On Christmas day we had John’s Gospel and I was keen that unlike Matthew we would hear it as a message for the whole of humanity and even for the earth itself. So, for us the Holy Land is not mere a tract of land about the size of Victoria in the Middle East. We truly live the faith of the incarnate God when we recognise the land where we live as Holy Land. Australia is no more holy than Israel. All nations have blood seeped into the earth crying out to God as Abel’s blood did after Kane killed him. Our land is not holy because our history and our land are without sin. No, our land is holy because God dwells here in our midst. The Christmas story is to remind us that God became fully human for the whole of humanity.
When we live in this land and see it as holy recognising God’s presence, we change the way we see the land and the people who share it with us. We see the beauty of the land, we treasure and care for it graciously. Each person we encounter, we are invited to see them as a child of God. In deed it works both ways, as we take time to enjoy the land with its beauty and productivity, its interconnectedness and its moods as it rolls through the seasons, we see something of God. That in itself, helps us to know the land is holy.
It is harder with people, the closer we are to people, or the higher profile a person is, the more we can be easily annoyed by them. When we are angry it is hard to see anything good in people. I learnt a few years ago in a workshop on conflict resolution that conflict is not personal. Certainly at times the person is saying things that apply to me directly or even yelling at me, or at the people I agree with, but even then it is not personal.
In the new film Joe Joe Rabbit, the author and director try make this self-evident. The yen year old boy growing up in Nazi Germany is convinced all Jews are monsters. He doesn’t know any. When he meets one that his mother is hidden in their house, he slowly begins to realise she is anything but a monster. He falls in love with her. As the Americans and Russians come closer to Berlin the children are told the Russians and Americans are monsters, up there with the Jews.

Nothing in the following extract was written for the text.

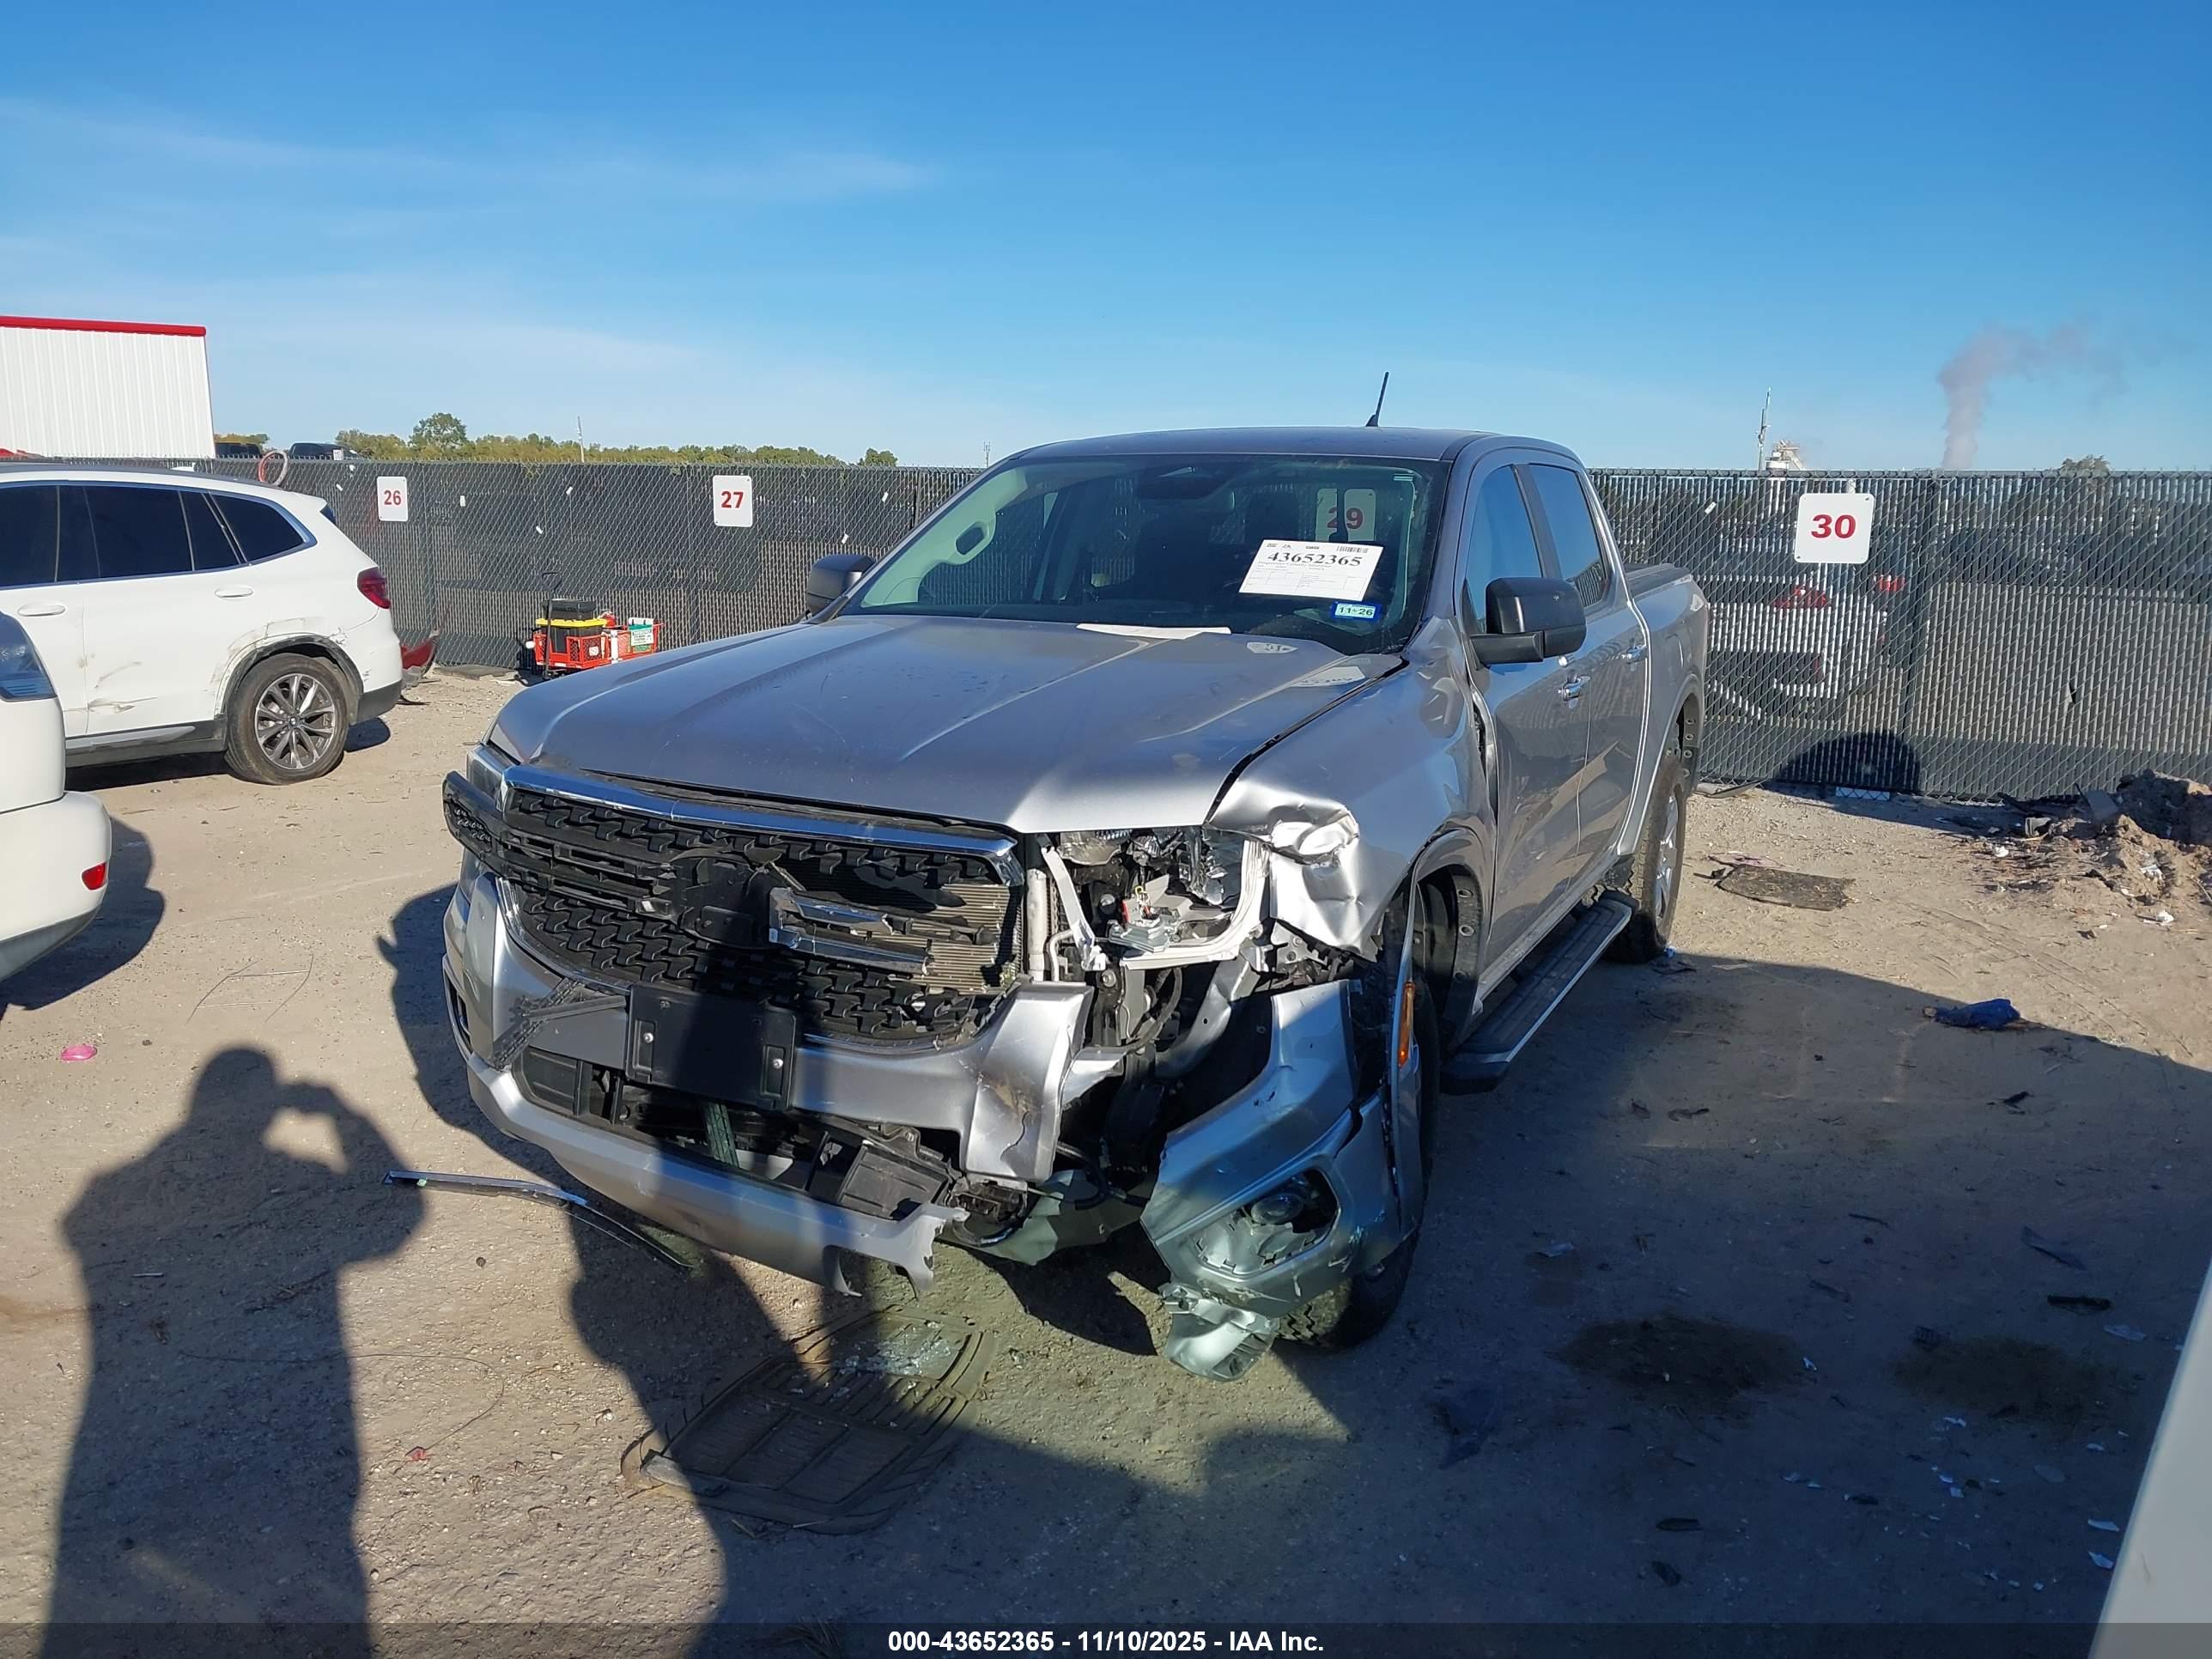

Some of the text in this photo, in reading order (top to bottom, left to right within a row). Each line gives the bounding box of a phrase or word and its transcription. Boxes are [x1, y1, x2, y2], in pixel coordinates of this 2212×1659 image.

The children are conditioned to fear the others.
We probably all carry a certain number of fears that we have learned by osmosis in our community. Fears supplemented by ignorance make it easy to get very angry at groups of people and situations we know nothing about. The anger and the discourse come across as personal, but it is generated by underlying fear and ignorance 99% of the time. Ironically the people like King Herod and Pharaoh are the most frightened of all. When we refuse to take things personally and try to hear what is happening for the person, it is easier to let go of any angry response we may have normally had. It may still take a while to see God in them. That may come if ever when we really get to know them.
As we continue to celebrate Christmas until Epiphany let’s remember, God is with us even in the darkness. Our faith journey may take us to places where God seems even non-existent. Joining with faithful souls for regular worship can help in these dark places. And as we see something of God in our country and people of beauty, we grow more able to see God everywhere.